Lethal hopes the fans will be on their feet for his match, but does not want any of the undercard performers to give any less than their very best.

“I think the old rule of holding back and saving something for the main event is old. It doesn’t hold up today in my opinion,” said Lethal, a former ROH heavyweight champion. “Think of it this way . . . Let’s take Shawn Michaels. With that philosophy of holding back in the main event, if Shawn Michaels were in the first match. . . Wouldn’t you feel robbed if Shawn Michaels held something back to save something for the main event? I think the fans get cheated that way.”

Lethal said he does feel extra pressure to deliver in a main event for Ring of Honor, a company he believes features the highest quality pro wrestling in the U.S. “bar none.” And he said that pressure especially may weigh heavy on performers who recently arrived in ROH after long careers in other national wrestling promotions, including former WWE stars like Rhodes and Bully Ray.
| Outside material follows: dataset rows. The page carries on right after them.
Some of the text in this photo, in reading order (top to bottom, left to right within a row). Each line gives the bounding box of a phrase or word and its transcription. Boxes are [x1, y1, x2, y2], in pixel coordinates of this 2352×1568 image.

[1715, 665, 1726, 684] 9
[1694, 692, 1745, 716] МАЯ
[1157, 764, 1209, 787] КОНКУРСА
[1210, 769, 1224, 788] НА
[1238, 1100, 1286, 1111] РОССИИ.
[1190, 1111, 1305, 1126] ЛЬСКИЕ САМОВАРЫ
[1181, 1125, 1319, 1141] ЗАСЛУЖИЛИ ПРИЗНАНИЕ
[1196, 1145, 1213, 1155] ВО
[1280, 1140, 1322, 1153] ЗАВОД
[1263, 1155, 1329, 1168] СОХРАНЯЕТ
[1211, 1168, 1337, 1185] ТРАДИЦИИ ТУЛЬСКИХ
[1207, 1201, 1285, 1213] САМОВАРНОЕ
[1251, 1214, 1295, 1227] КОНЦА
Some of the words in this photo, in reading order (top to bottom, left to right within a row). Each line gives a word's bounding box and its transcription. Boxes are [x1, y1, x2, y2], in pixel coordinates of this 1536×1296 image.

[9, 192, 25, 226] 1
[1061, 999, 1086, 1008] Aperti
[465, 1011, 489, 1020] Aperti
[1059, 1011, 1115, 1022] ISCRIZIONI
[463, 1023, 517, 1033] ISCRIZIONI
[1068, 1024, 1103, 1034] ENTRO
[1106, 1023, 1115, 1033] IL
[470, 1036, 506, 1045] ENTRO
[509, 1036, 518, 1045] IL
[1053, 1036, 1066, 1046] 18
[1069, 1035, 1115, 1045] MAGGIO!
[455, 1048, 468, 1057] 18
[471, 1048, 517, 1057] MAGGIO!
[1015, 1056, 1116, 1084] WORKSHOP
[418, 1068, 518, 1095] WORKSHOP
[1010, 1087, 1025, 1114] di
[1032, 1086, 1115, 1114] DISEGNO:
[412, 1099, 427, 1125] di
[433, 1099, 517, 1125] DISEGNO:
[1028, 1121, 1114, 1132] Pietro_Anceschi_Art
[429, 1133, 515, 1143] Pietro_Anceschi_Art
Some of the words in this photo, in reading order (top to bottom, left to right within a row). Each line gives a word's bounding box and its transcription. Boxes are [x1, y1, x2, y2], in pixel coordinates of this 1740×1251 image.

“I feel like they may all kind of, deep down inside, have the same mentality, because Ring of Honor really is the place where you’ve got to showcase wrestling. You’ve got to prove that you can go, so to speak,” said Lethal, who returned to ROH in 2011 after a 7-year stint with Total Nonstop Action Wrestling. “And while I was away I had a lot of gimmicks where I didn’t have to wrestle. .. But I can still go. So I kind of had something to prove, I felt. But the reaction I got showed I didn’t have anything to prove.”